Justiça de SP aprova recuperação judicial do Grupo Fictor, após aquisição bilionária do Banco Master e liquidação pelo BC
A Justiça de São Paulo aprovou o pedido de recuperação judicial do Grupo Fictor, em um desfecho que expõe uma sequência de movimentos financeiros de alto risco e consequências abruptas. A decisão judicial chega após um período de apenas 24 horas que selou o destino da empresa: em 17 de novembro de 2025, o Grupo Fictor anunciou a aquisição do Banco Master por R$ 3 bilhões, e no dia seguinte, o Banco Central decretou a liquidação da instituição financeira. A velocidade dos eventos transformou uma operação bilionária em um passivo imediato, lançando o grupo em uma crise de liquidez insustentável.

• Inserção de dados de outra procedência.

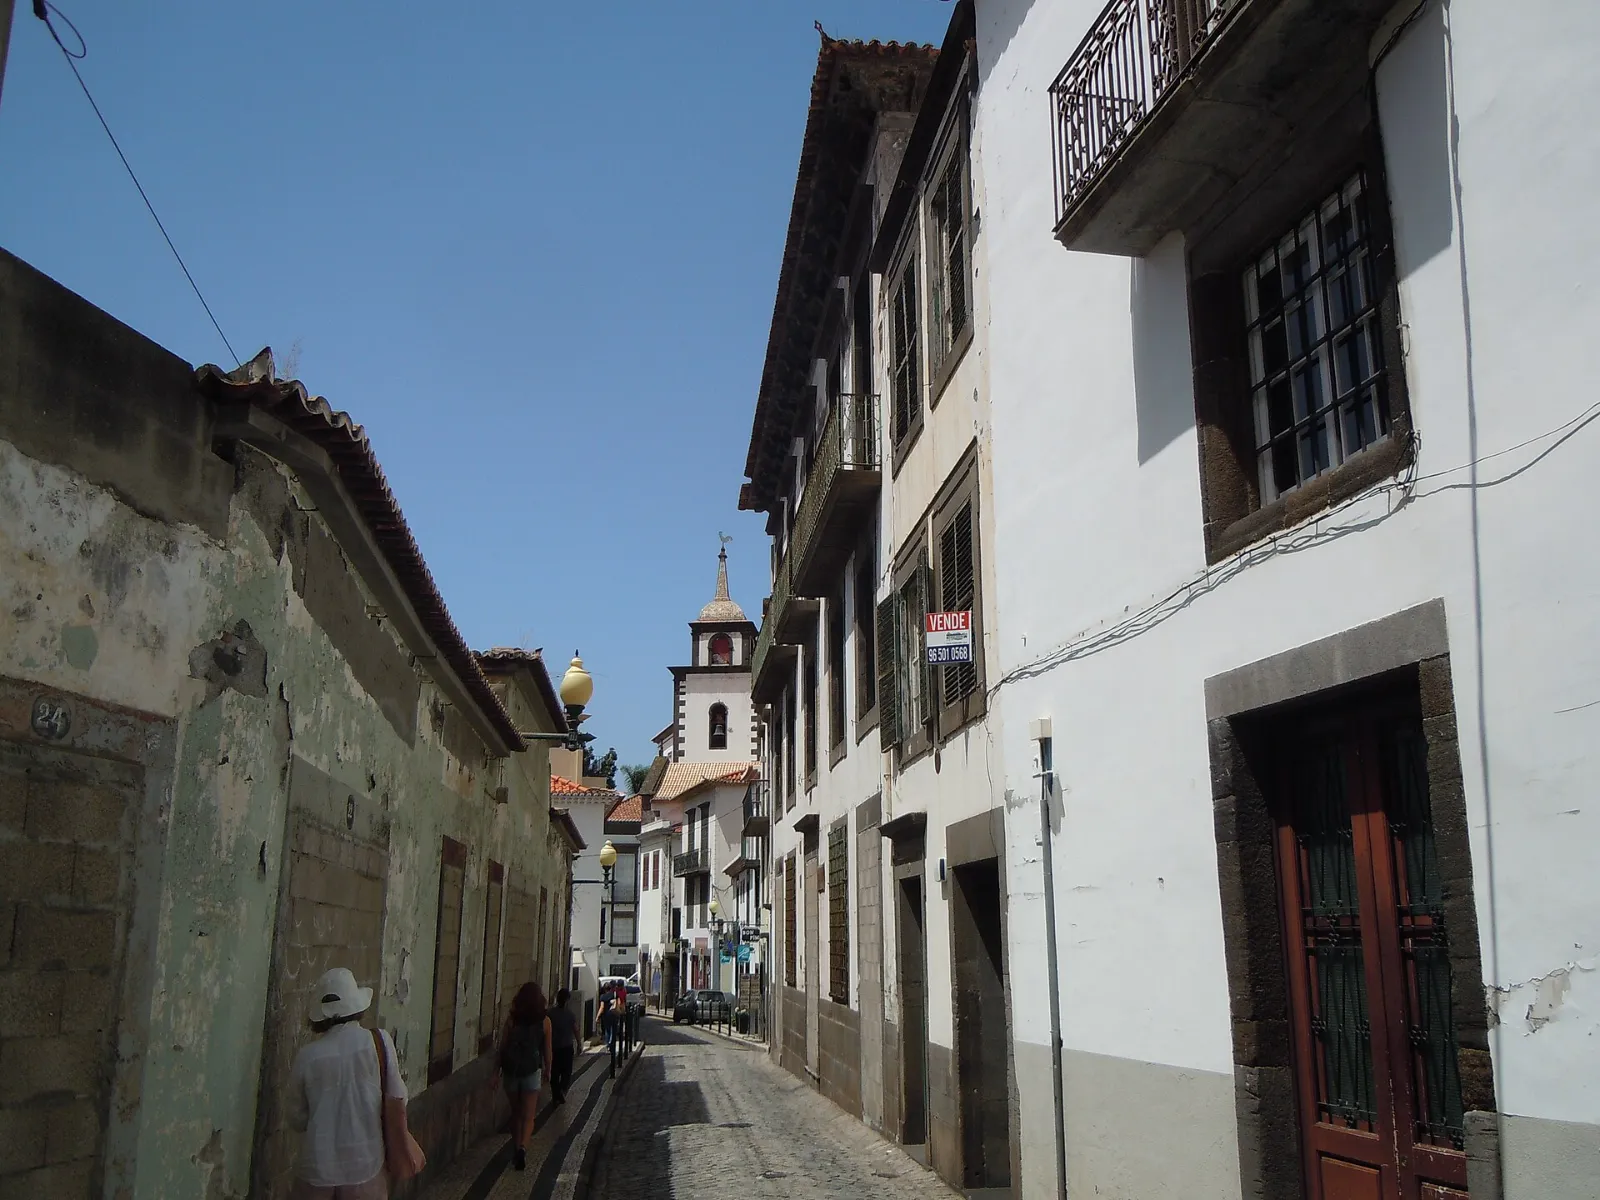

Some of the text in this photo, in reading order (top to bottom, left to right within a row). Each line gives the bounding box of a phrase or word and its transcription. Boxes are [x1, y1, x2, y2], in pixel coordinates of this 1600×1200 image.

O caso coloca sob intenso escrutínio a estratégia e a due diligence do Grupo Fictor, que se comprometeu com uma transação colossal no exato momento em que o alvo de sua compra entrava em colapso regulatório. A liquidação do Banco Master pelo BC, um ato extremo das autoridades monetárias, anulou efetivamente o negócio, mas não o compromisso financeiro assumido, criando um buraco patrimonial instantâneo. A recuperação judicial agora é o mecanismo legal para tentar reestruturar as dívidas e evitar a falência total, sob a supervisão do tribunal.
A aprovação do pedido mantém o Grupo Fictor operando, mas sob forte pressão de credores e com sua reputação no mercado financeiro severamente abalada. O episódio serve como um alerta sobre os riscos de expansão agressiva em setores regulados e a importância do timing e da análise regulatória em transações de grande porte. A recuperação judicial será um longo processo que testará a resiliência da holding e pode redefinir seu futuro no cenário empresarial brasileiro.